Riscos psicossociais dizem respeito às condições de trabalho que podem afetar a saúde mental dos colaboradores, como sobrecarga, falta de clareza de papéis, baixa autonomia, relações interpessoais disfuncionais e ambientes de alta pressão constante. Diferentemente de outros riscos ocupacionais mais visíveis, esses fatores muitas vezes se desenvolvem de forma silenciosa, tornando seus efeitos mais difíceis de identificar e, consequentemente, de gerenciar.
O cenário atual aponta para um aumento significativo dos afastamentos relacionados a transtornos mentais, além de impactos indiretos como queda de desempenho, aumento do turnover e desgaste nas relações de trabalho. Diante disso, cresce também a exigência — não apenas ética, mas regulatória — para que as empresas adotem uma postura mais estruturada e preventiva.
Nesse contexto, torna-se essencial que as organizações avancem para além de ações pontuais e simbólicas. O momento exige uma abordagem sistêmica, baseada em diagnóstico, planejamento e acompanhamento contínuo.
Apresentamos o Framework CARE para gestão de riscos psicossociais:
C — Compreender: Mapear riscos psicossociais por meio de instrumentos estruturados e dados internos.
A — Agir: Desenvolver planos de ação direcionados, alinhados à cultura e às prioridades do negócio.
R — Responsabilizar lideranças: Capacitar gestores para atuar preventivamente e promover segurança psicológica.
E — Evoluir continuamente: Monitorar indicadores, revisar estratégias e garantir consistência ao longo do tempo.

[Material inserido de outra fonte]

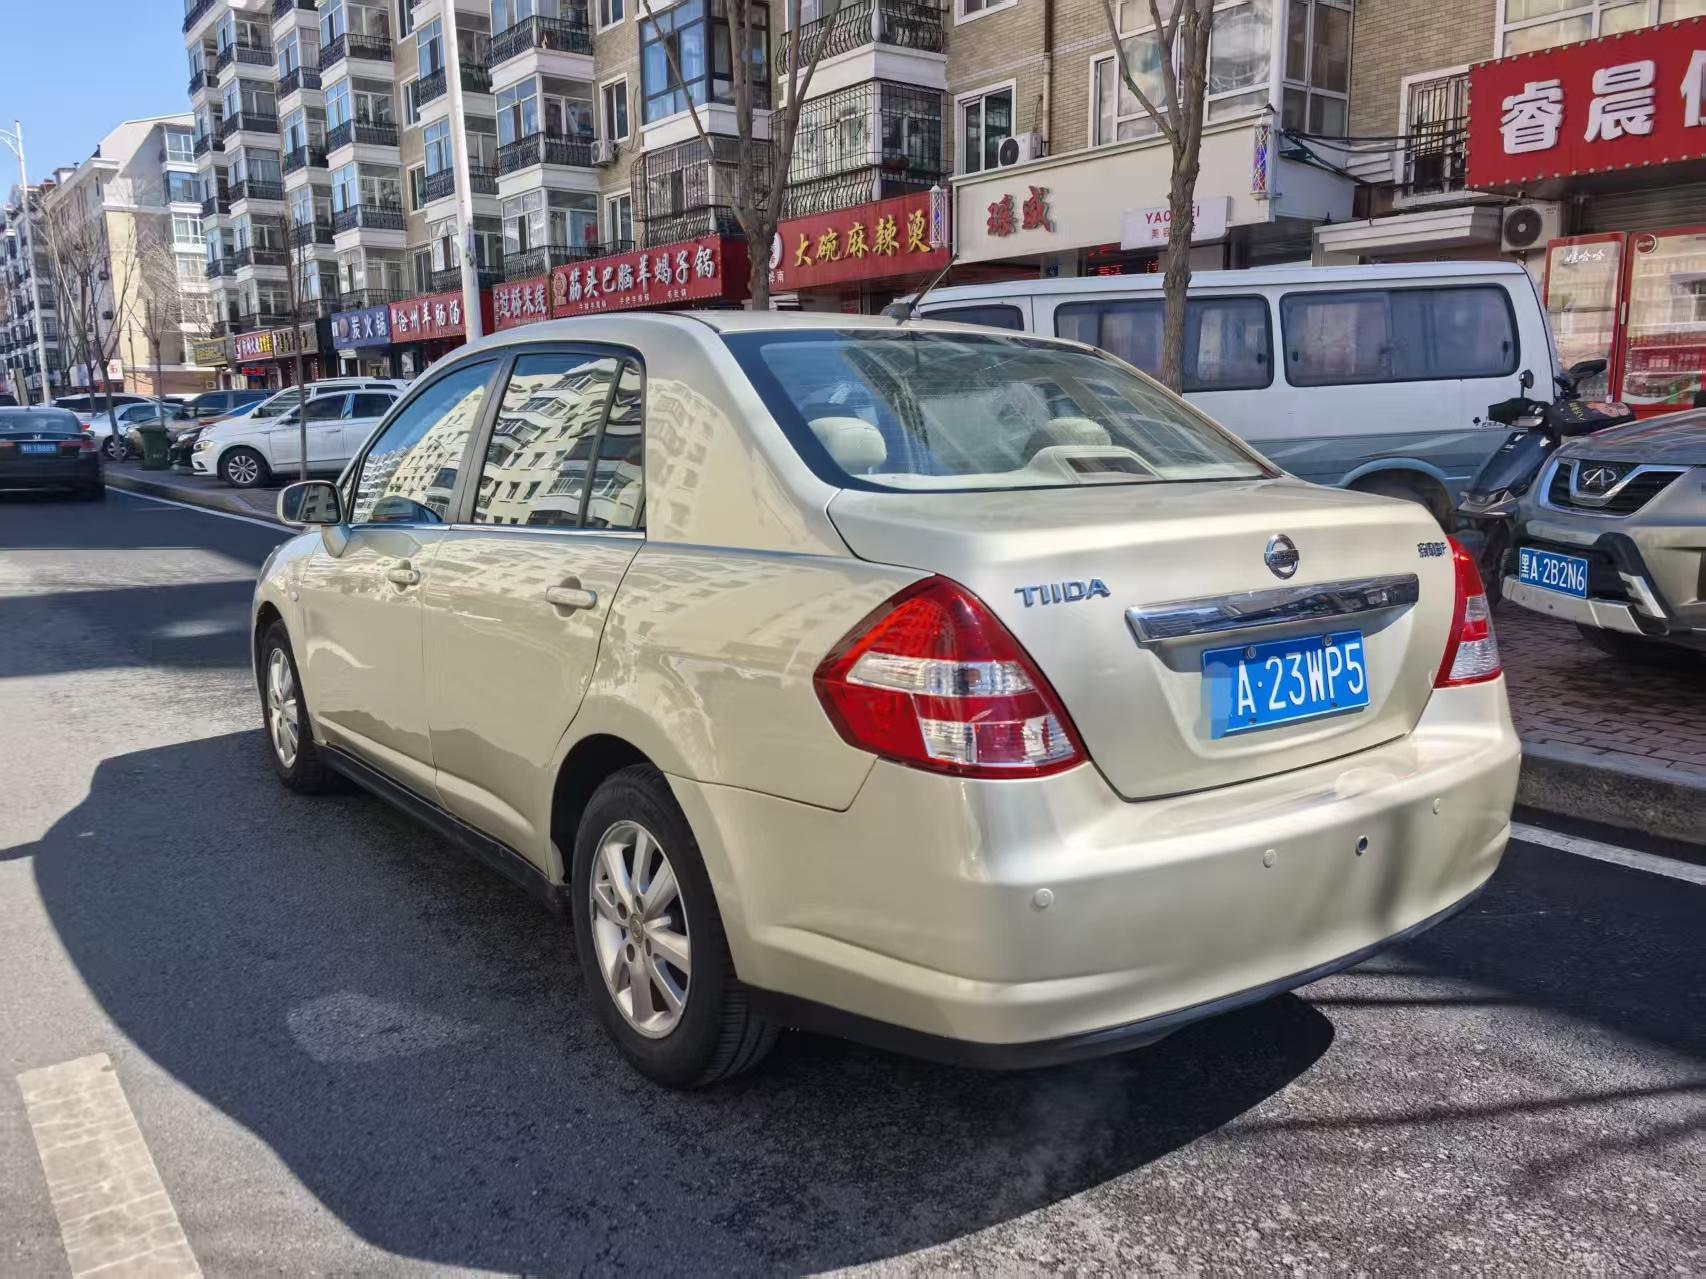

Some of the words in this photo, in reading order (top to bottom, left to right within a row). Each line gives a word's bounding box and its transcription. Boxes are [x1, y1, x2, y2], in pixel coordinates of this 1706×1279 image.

[794, 208, 931, 267] 大碗麻辣烫
[569, 245, 716, 302] 筋头巴脑羊蝎子锅
[351, 311, 388, 340] 炭火锅
[1014, 578, 1111, 608] TIIDA

Além disso, políticas claras, comunicação transparente e práticas que favoreçam equilíbrio e previsibilidade no trabalho contribuem diretamente para a redução de riscos.
Por fim, cuidar da saúde mental nas organizações não se trata apenas de mitigar riscos, mas de potencializar resultados. Ambientes psicologicamente seguros favorecem inovação, engajamento e tomada de decisão mais eficaz.
O desafio, portanto, não é mais reconhecer a importância do tema, mas agir de forma estruturada
e contínua. Empresas que se antecipam a esse movimento se posicionam de forma mais
competitiva e sustentável no mercado.